■ Work instructions
The data must be given again in full, with no line altered.

•••••

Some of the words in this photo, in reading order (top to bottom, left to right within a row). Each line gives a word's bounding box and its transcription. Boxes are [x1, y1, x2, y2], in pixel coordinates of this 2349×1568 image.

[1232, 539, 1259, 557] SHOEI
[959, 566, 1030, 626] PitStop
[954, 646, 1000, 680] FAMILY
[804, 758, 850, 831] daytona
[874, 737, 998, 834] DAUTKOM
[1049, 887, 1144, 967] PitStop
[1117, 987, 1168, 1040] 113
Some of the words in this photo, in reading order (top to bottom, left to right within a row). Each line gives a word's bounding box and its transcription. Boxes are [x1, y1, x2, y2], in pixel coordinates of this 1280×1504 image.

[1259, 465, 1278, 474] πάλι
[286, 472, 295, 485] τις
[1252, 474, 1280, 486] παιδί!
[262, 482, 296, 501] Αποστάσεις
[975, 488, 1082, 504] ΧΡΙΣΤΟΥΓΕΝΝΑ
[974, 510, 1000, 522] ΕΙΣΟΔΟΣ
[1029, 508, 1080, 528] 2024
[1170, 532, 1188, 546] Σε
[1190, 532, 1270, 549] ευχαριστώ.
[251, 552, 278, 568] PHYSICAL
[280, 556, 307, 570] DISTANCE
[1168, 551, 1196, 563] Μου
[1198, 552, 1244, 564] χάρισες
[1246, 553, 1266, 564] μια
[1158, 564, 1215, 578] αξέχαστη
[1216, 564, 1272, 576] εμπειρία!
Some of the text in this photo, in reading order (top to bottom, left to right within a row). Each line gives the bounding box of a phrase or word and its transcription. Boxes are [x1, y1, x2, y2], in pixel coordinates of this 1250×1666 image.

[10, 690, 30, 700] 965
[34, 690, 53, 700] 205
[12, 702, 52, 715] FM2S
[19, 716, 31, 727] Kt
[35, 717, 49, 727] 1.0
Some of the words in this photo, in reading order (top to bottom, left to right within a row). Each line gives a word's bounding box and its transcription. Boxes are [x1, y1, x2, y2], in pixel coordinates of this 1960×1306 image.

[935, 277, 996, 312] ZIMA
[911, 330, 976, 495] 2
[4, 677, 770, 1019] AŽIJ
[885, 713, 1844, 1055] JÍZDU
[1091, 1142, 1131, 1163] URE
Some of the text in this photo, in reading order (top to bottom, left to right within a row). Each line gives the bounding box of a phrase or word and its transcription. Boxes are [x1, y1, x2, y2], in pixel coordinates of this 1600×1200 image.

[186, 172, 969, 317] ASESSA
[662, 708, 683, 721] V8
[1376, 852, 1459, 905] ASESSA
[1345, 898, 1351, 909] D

•••••

■ Response to this task
Some of the words in this photo, in reading order (top to bottom, left to right within a row). Each line gives a word's bounding box and its transcription. Boxes are [x1, y1, x2, y2], in pixel coordinates of this 2349×1568 image.

[1232, 539, 1259, 557] SHOEI
[959, 566, 1030, 626] PitStop
[954, 646, 1000, 680] FAMILY
[804, 758, 850, 831] daytona
[874, 737, 998, 834] DAUTKOM
[1049, 887, 1144, 967] PitStop
[1117, 987, 1168, 1040] 113
Some of the words in this photo, in reading order (top to bottom, left to right within a row). Each line gives a word's bounding box and its transcription. Boxes are [x1, y1, x2, y2], in pixel coordinates of this 1280×1504 image.

[1259, 465, 1278, 474] πάλι
[286, 472, 295, 485] τις
[1252, 474, 1280, 486] παιδί!
[262, 482, 296, 501] Αποστάσεις
[975, 488, 1082, 504] ΧΡΙΣΤΟΥΓΕΝΝΑ
[974, 510, 1000, 522] ΕΙΣΟΔΟΣ
[1029, 508, 1080, 528] 2024
[1170, 532, 1188, 546] Σε
[1190, 532, 1270, 549] ευχαριστώ.
[251, 552, 278, 568] PHYSICAL
[280, 556, 307, 570] DISTANCE
[1168, 551, 1196, 563] Μου
[1198, 552, 1244, 564] χάρισες
[1246, 553, 1266, 564] μια
[1158, 564, 1215, 578] αξέχαστη
[1216, 564, 1272, 576] εμπειρία!
Some of the text in this photo, in reading order (top to bottom, left to right within a row). Each line gives the bounding box of a phrase or word and its transcription. Boxes are [x1, y1, x2, y2], in pixel coordinates of this 1250×1666 image.

[10, 690, 30, 700] 965
[34, 690, 53, 700] 205
[12, 702, 52, 715] FM2S
[19, 716, 31, 727] Kt
[35, 717, 49, 727] 1.0
Some of the words in this photo, in reading order (top to bottom, left to right within a row). Each line gives a word's bounding box and its transcription. Boxes are [x1, y1, x2, y2], in pixel coordinates of this 1960×1306 image.

[935, 277, 996, 312] ZIMA
[911, 330, 976, 495] 2
[4, 677, 770, 1019] AŽIJ
[885, 713, 1844, 1055] JÍZDU
[1091, 1142, 1131, 1163] URE
Some of the text in this photo, in reading order (top to bottom, left to right within a row). Each line gives the bounding box of a phrase or word and its transcription. Boxes are [x1, y1, x2, y2], in pixel coordinates of this 1600×1200 image.

[186, 172, 969, 317] ASESSA
[662, 708, 683, 721] V8
[1376, 852, 1459, 905] ASESSA
[1345, 898, 1351, 909] D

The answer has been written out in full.